== Information given

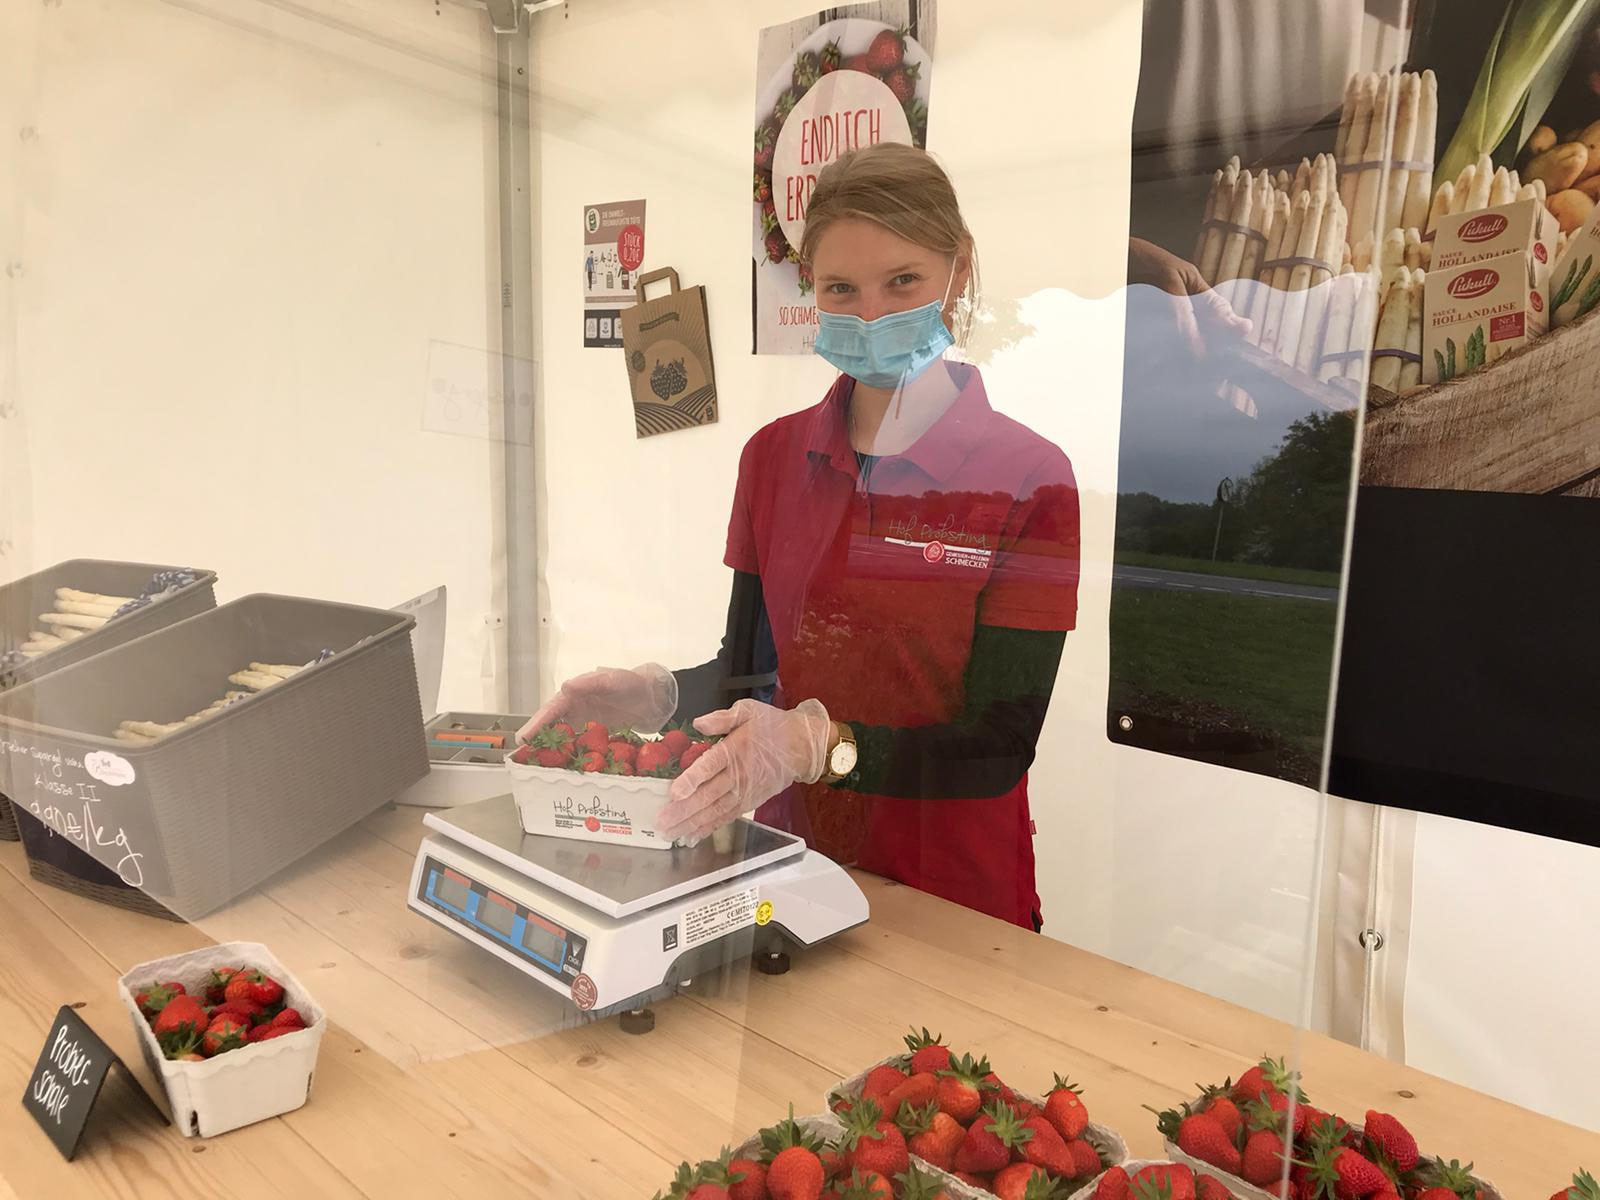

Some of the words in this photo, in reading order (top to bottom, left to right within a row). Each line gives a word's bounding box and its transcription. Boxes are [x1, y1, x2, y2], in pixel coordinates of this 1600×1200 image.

[801, 108, 880, 165] ENDLICH
[1461, 218, 1504, 240] Lukull
[1440, 250, 1464, 259] SAUCE
[1450, 272, 1495, 297] Lukull
[779, 306, 789, 326] SO
[1432, 307, 1457, 317] SAUCE
[1432, 302, 1517, 326] HOLLANDAISE
[888, 514, 918, 545] Hof
[945, 557, 988, 569] SCHMECKEN
[34, 771, 73, 796] Klasse
[76, 782, 101, 802] II
[553, 796, 575, 819] Hof

====

Exercise instructions ▸
Transcribe the whole of the data exactly, minus any pictures.

Expected answer ▸
Some of the words in this photo, in reading order (top to bottom, left to right within a row). Each line gives a word's bounding box and its transcription. Boxes are [x1, y1, x2, y2], in pixel coordinates of this 1600×1200 image.

[801, 108, 880, 165] ENDLICH
[1461, 218, 1504, 240] Lukull
[1440, 250, 1464, 259] SAUCE
[1450, 272, 1495, 297] Lukull
[779, 306, 789, 326] SO
[1432, 307, 1457, 317] SAUCE
[1432, 302, 1517, 326] HOLLANDAISE
[888, 514, 918, 545] Hof
[945, 557, 988, 569] SCHMECKEN
[34, 771, 73, 796] Klasse
[76, 782, 101, 802] II
[553, 796, 575, 819] Hof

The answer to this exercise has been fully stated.